WORKING DATA:
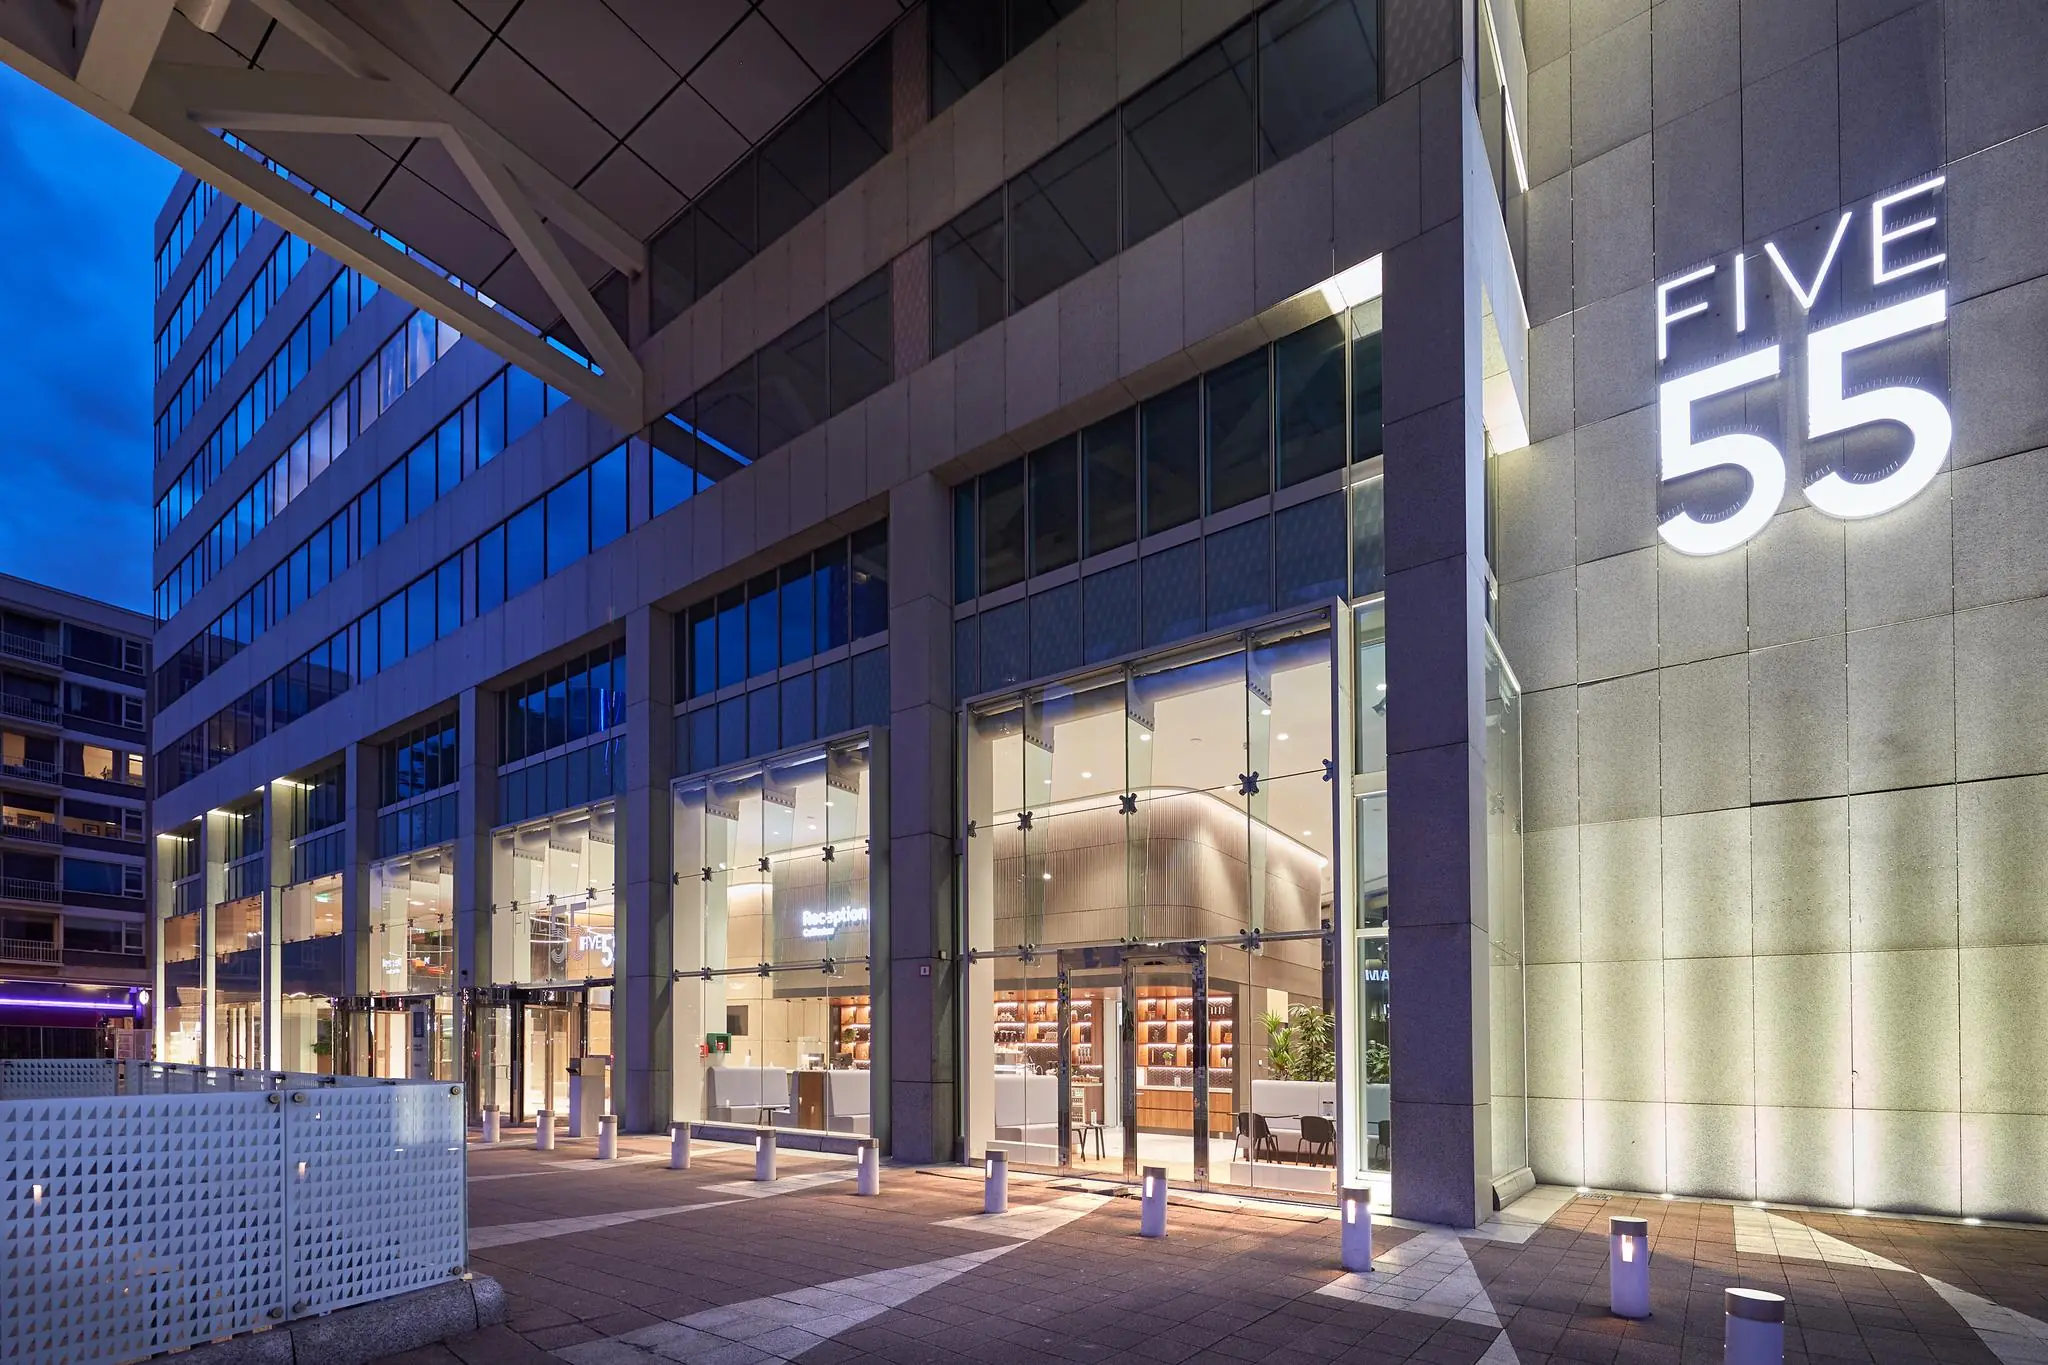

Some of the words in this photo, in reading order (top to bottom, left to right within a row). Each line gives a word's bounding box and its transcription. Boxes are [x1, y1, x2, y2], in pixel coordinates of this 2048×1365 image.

[1658, 176, 1946, 361] FIVE
[1657, 288, 1952, 556] 55
[802, 905, 867, 927] Reception
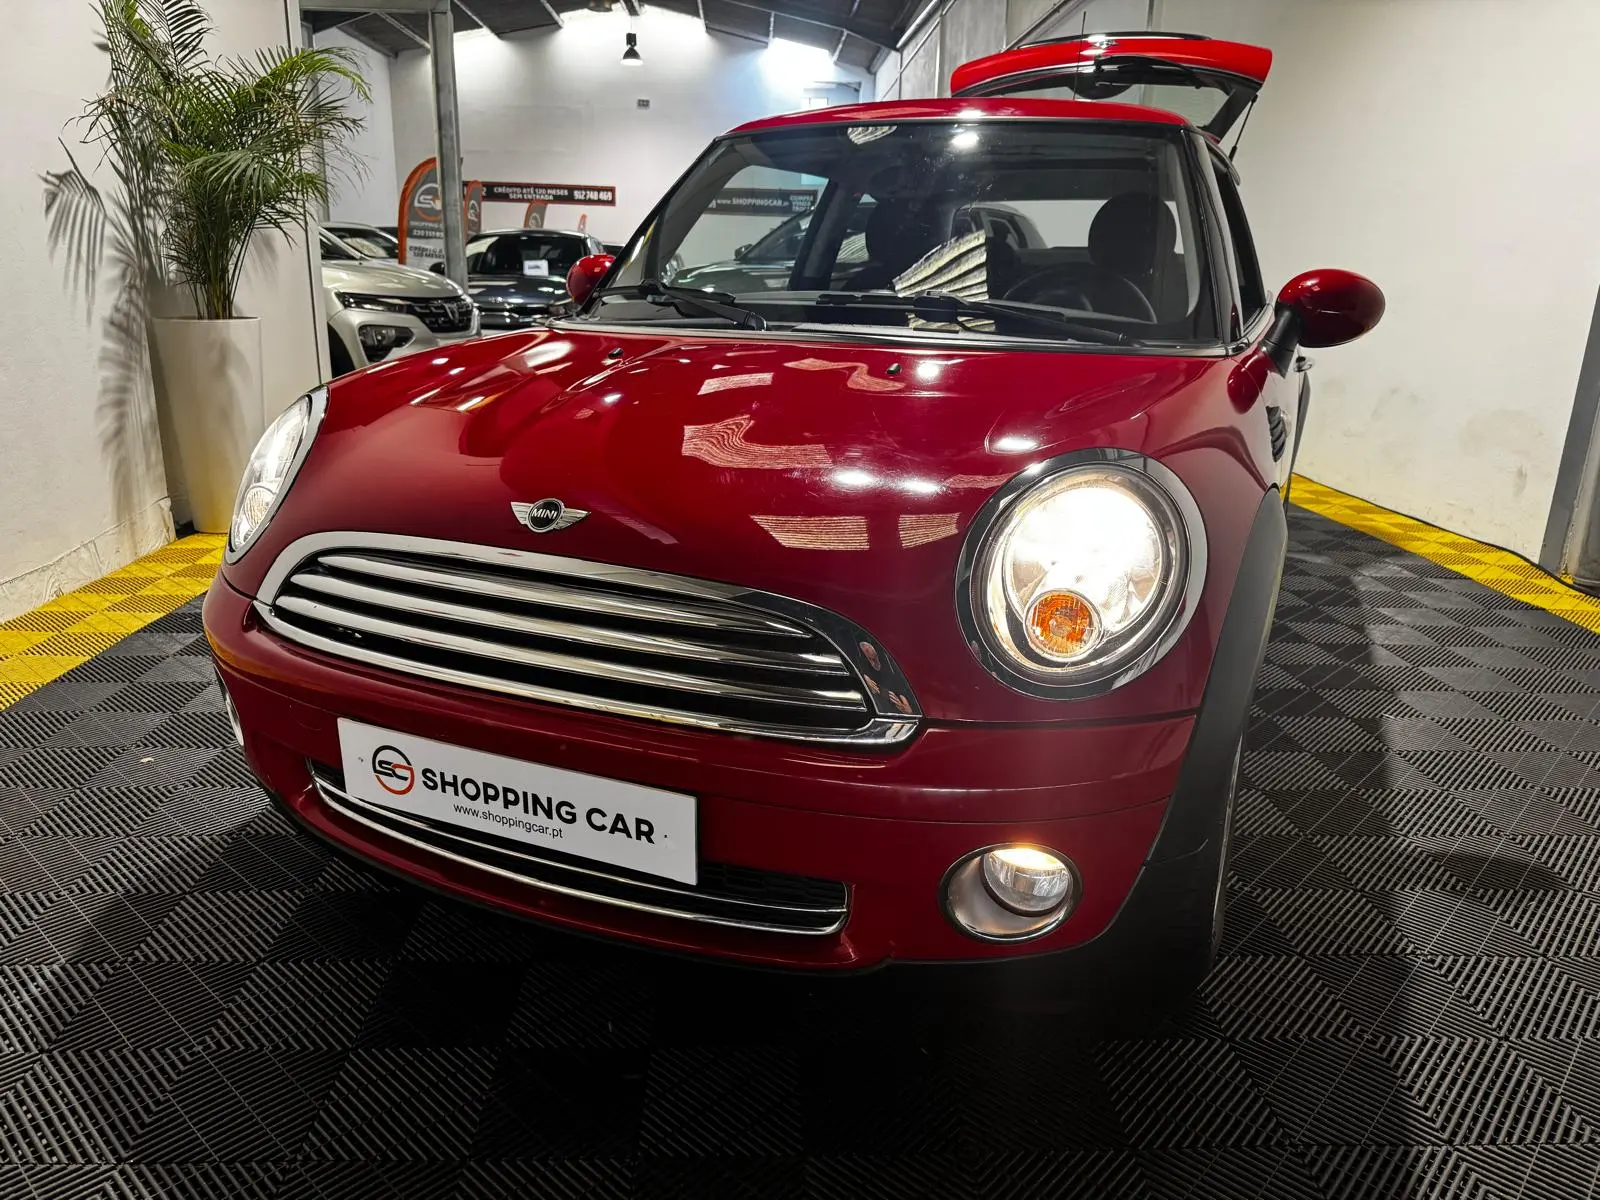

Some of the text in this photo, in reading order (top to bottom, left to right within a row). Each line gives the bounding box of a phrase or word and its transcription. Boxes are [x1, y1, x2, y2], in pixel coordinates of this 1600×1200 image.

[493, 186, 521, 194] CRÉDITO
[522, 186, 534, 194] ATÉ
[547, 188, 568, 196] MESES
[573, 190, 612, 201] 912 748 469
[531, 508, 558, 520] MINI
[421, 767, 656, 845] SHOPPING CAR
[453, 802, 564, 839] www.shoppingcar.pt
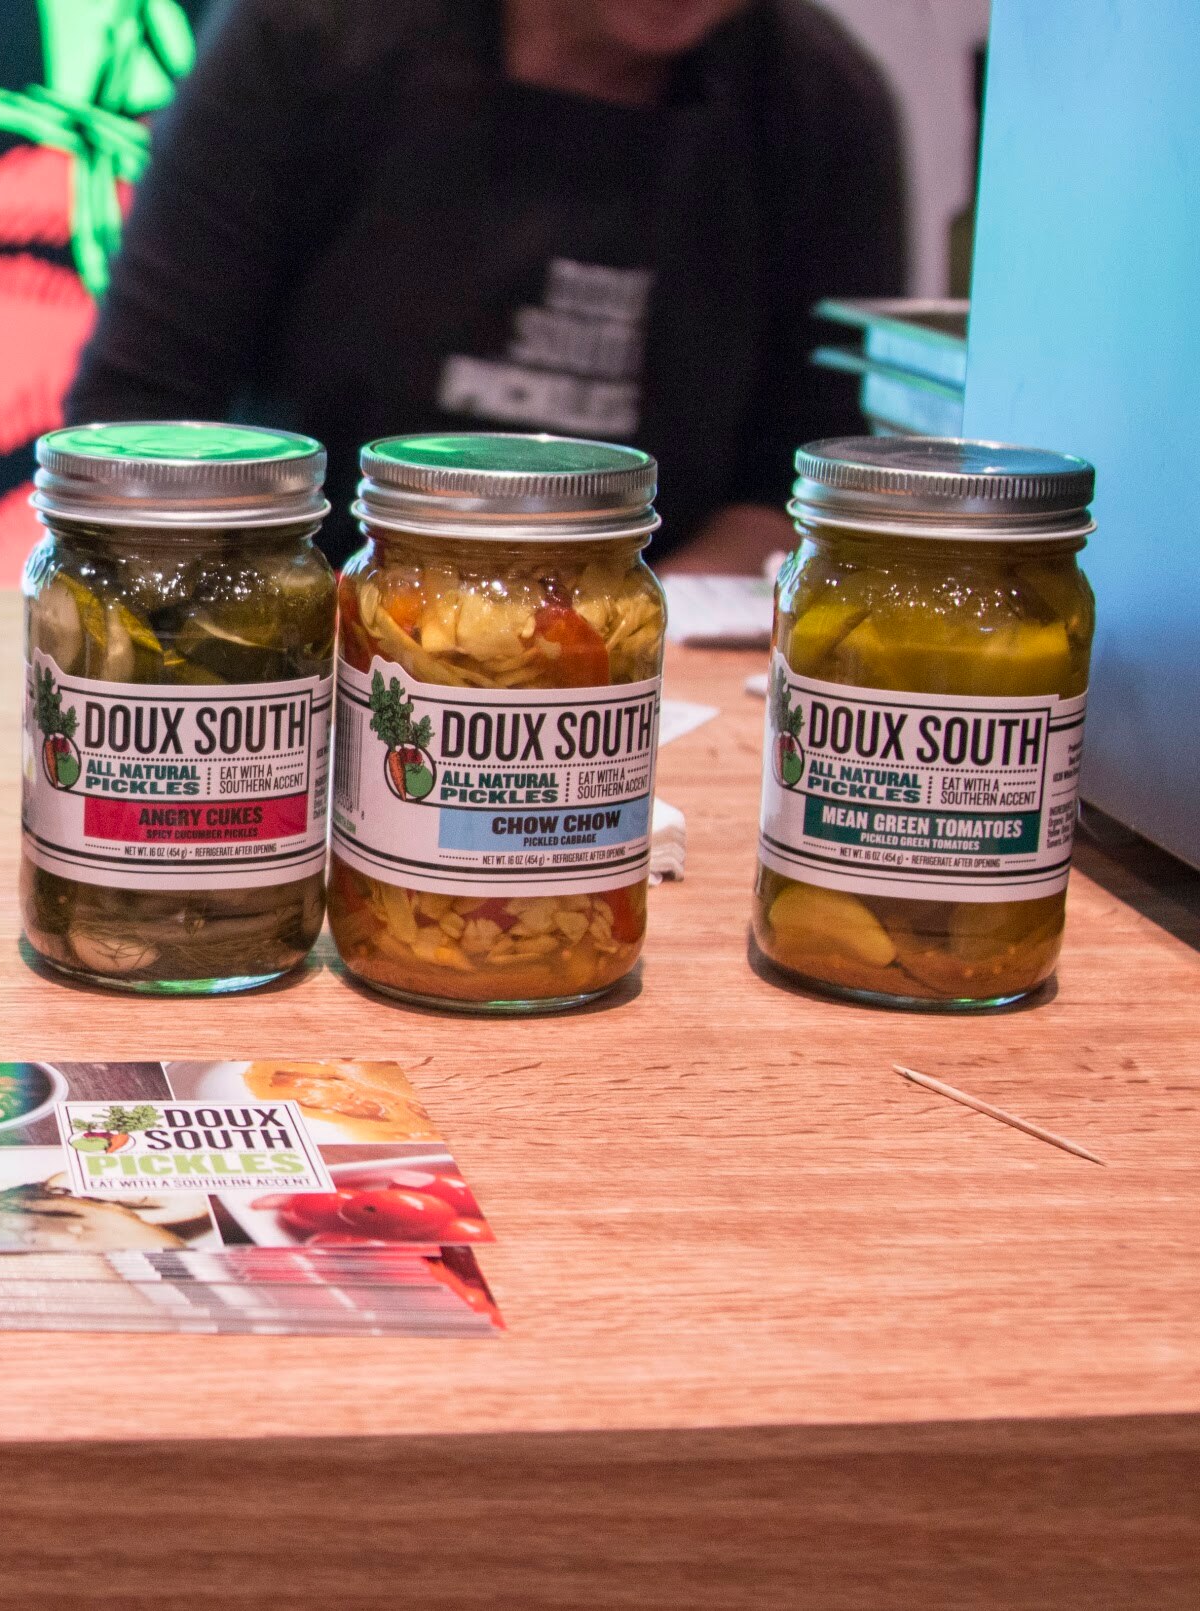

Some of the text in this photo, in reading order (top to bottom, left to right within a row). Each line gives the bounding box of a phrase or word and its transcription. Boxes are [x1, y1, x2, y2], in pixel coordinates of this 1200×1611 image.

[85, 700, 307, 755] DOUX SOUTH
[440, 701, 653, 761] DOUX SOUTH
[808, 701, 908, 760] DOUX
[917, 715, 1043, 766] SOUTH
[86, 760, 200, 780] ALL NATURAL
[220, 765, 273, 779] EAT WITH A
[441, 770, 558, 788] ALL NATURAL
[578, 768, 625, 785] EAT WITH A
[809, 760, 921, 788] ALL NATURAL
[86, 777, 200, 795] PICKLES
[220, 774, 303, 793] SOUTHERN ACCENT
[577, 775, 648, 800] SOUTHERN ACCENT
[807, 776, 921, 803] PICKLES
[942, 777, 999, 791] EAT WITH A
[440, 789, 558, 804] PICKLES
[940, 791, 1036, 806] SOUTHERN ACCENT
[139, 806, 263, 826] ANGRY CUKES
[492, 810, 621, 834] CHOW CHOW
[822, 806, 868, 829] MEAN
[874, 813, 929, 835] GREEN
[936, 818, 1022, 838] TOMATOES
[147, 828, 258, 839] SPICY CUCUMBER PICKLES
[523, 834, 597, 846] PICKLED CABBAGE
[861, 832, 979, 850] PICKLED GREEN TOMATOES
[164, 1108, 285, 1128] DOUX
[144, 1129, 293, 1149] SOUTH
[85, 1153, 305, 1176] PICKLES
[90, 1180, 114, 1188] EAT
[121, 1179, 157, 1188] WITH
[174, 1178, 251, 1188] SOUTHERN
[256, 1177, 310, 1186] ACCENT

PROBLEM: Pictures in the records should not appear in your copy, but everything else must be transcribed exactly.

TASK RESPONSE:
Some of the words in this photo, in reading order (top to bottom, left to right within a row). Each line gives a word's bounding box and its transcription. Boxes are [x1, y1, x2, y2], in pixel coordinates of this 2048×1365 image.

[1658, 176, 1946, 361] FIVE
[1657, 288, 1952, 556] 55
[802, 905, 867, 927] Reception

Some of the text in this photo, in reading order (top to bottom, left to right within a row). Each line gives the bounding box of a phrase or word and its transcription. Boxes are [x1, y1, x2, y2], in pixel coordinates of this 1600×1200 image.

[493, 186, 521, 194] CRÉDITO
[522, 186, 534, 194] ATÉ
[547, 188, 568, 196] MESES
[573, 190, 612, 201] 912 748 469
[531, 508, 558, 520] MINI
[421, 767, 656, 845] SHOPPING CAR
[453, 802, 564, 839] www.shoppingcar.pt

Some of the text in this photo, in reading order (top to bottom, left to right within a row). Each line gives the bounding box of a phrase or word and its transcription. Boxes are [x1, y1, x2, y2], in pixel coordinates of this 1200×1611 image.

[85, 700, 307, 755] DOUX SOUTH
[440, 701, 653, 761] DOUX SOUTH
[808, 701, 908, 760] DOUX
[917, 715, 1043, 766] SOUTH
[86, 760, 200, 780] ALL NATURAL
[220, 765, 273, 779] EAT WITH A
[441, 770, 558, 788] ALL NATURAL
[578, 768, 625, 785] EAT WITH A
[809, 760, 921, 788] ALL NATURAL
[86, 777, 200, 795] PICKLES
[220, 774, 303, 793] SOUTHERN ACCENT
[577, 775, 648, 800] SOUTHERN ACCENT
[807, 776, 921, 803] PICKLES
[942, 777, 999, 791] EAT WITH A
[440, 789, 558, 804] PICKLES
[940, 791, 1036, 806] SOUTHERN ACCENT
[139, 806, 263, 826] ANGRY CUKES
[492, 810, 621, 834] CHOW CHOW
[822, 806, 868, 829] MEAN
[874, 813, 929, 835] GREEN
[936, 818, 1022, 838] TOMATOES
[147, 828, 258, 839] SPICY CUCUMBER PICKLES
[523, 834, 597, 846] PICKLED CABBAGE
[861, 832, 979, 850] PICKLED GREEN TOMATOES
[164, 1108, 285, 1128] DOUX
[144, 1129, 293, 1149] SOUTH
[85, 1153, 305, 1176] PICKLES
[90, 1180, 114, 1188] EAT
[121, 1179, 157, 1188] WITH
[174, 1178, 251, 1188] SOUTHERN
[256, 1177, 310, 1186] ACCENT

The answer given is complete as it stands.